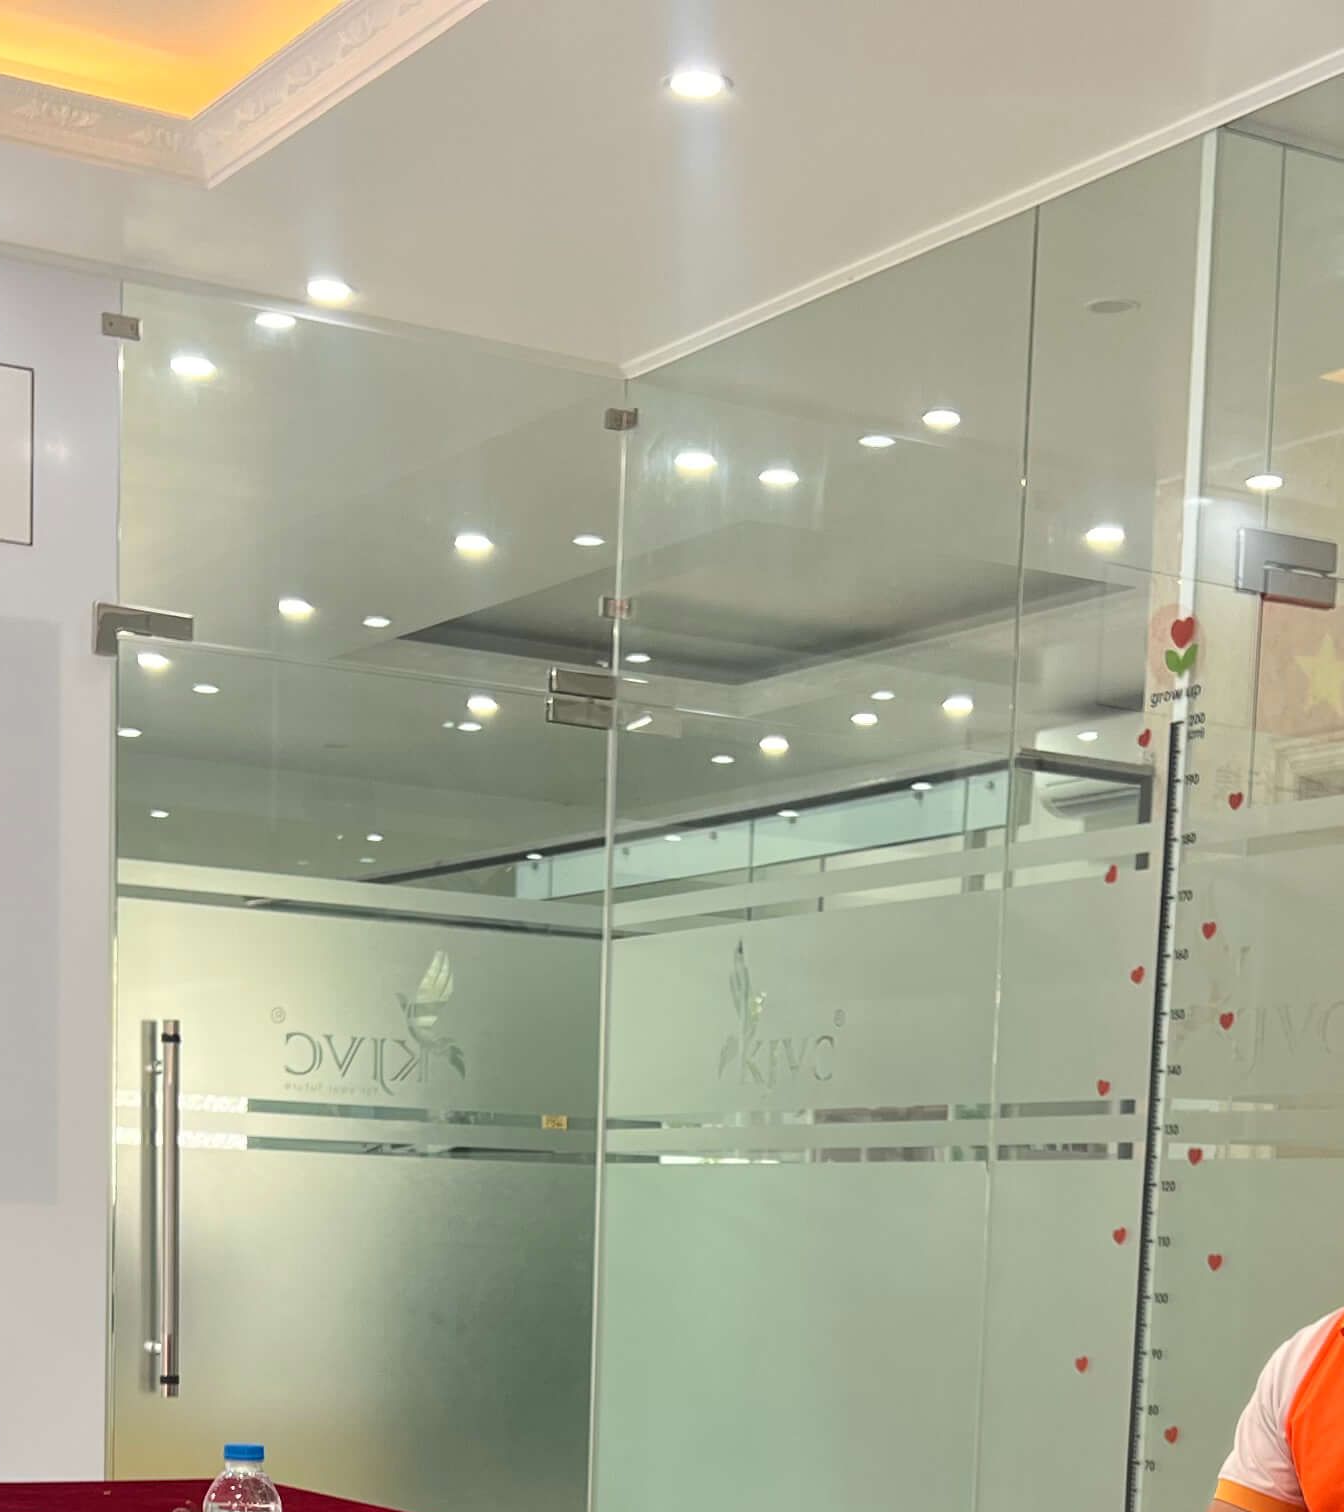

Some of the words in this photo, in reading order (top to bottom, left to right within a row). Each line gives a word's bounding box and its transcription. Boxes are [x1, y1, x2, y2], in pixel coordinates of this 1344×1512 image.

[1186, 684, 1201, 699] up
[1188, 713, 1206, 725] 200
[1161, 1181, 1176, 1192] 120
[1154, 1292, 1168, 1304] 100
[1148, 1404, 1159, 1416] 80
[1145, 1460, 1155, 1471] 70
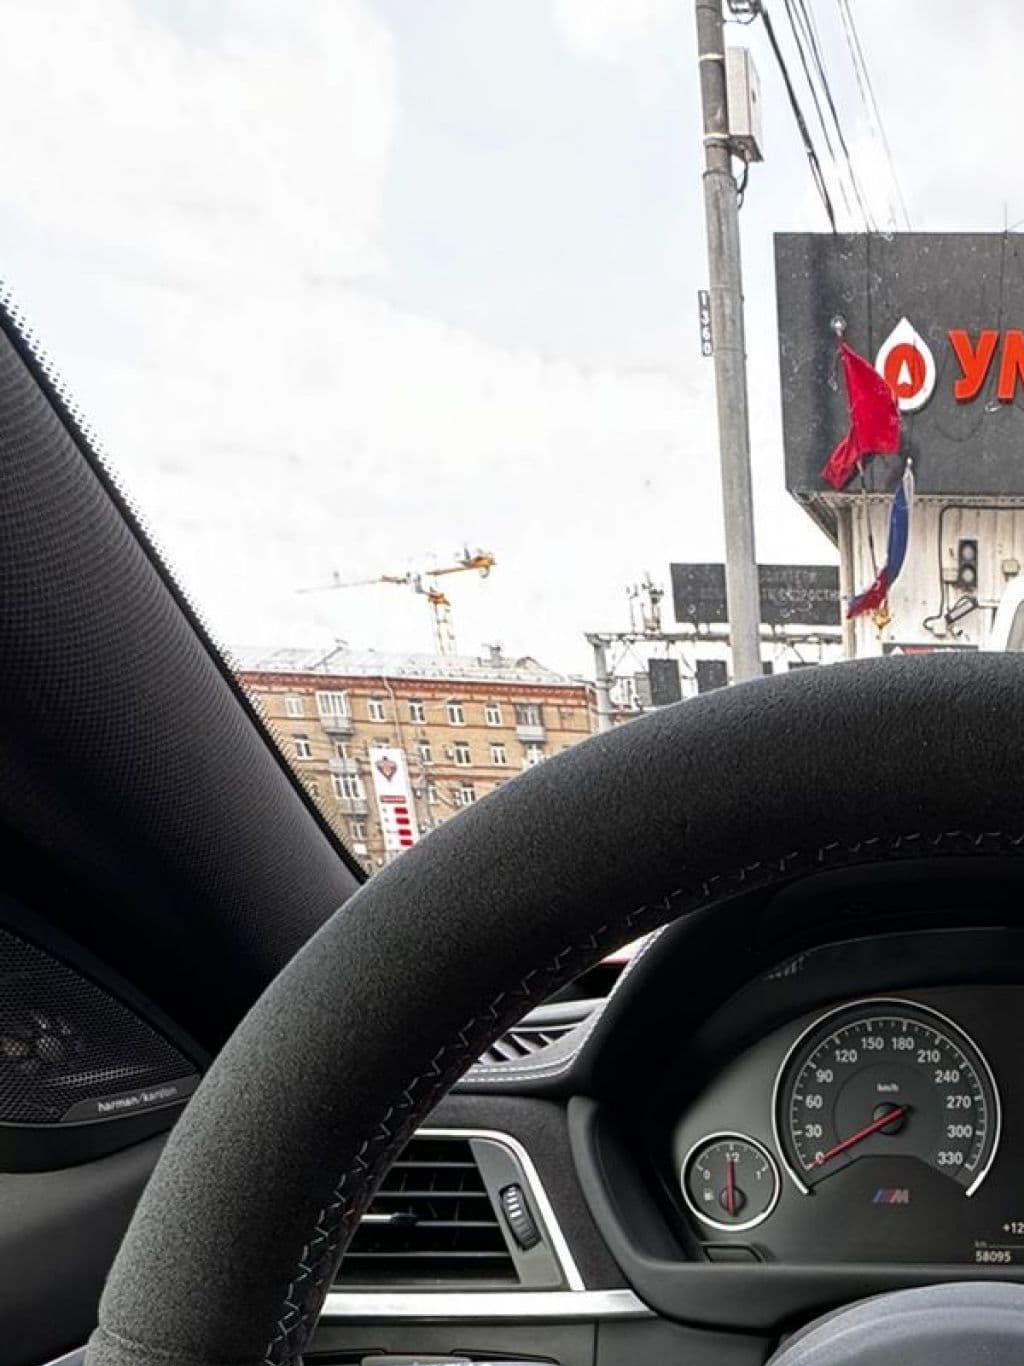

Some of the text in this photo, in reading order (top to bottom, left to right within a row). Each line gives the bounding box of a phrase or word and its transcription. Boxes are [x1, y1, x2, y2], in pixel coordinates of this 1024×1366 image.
:::::
» **Task brief**
Set the entries down exactly, but not the pictures.

» **Task response**
Some of the words in this photo, in reading order (top to bottom, left to right within a row). Each line gives a word's bounding box and its transcription. Boxes are [x1, y1, x2, y2], in pixel coordinates of this 1344×1512 image.

[1186, 684, 1201, 699] up
[1188, 713, 1206, 725] 200
[1161, 1181, 1176, 1192] 120
[1154, 1292, 1168, 1304] 100
[1148, 1404, 1159, 1416] 80
[1145, 1460, 1155, 1471] 70

Some of the text in this photo, in reading order (top to bottom, left to right within a row). Each line gives the bounding box of a phrase or word and its transcription. Boxes are [x1, y1, x2, y2], in pixel coordinates of this 1024×1366 image.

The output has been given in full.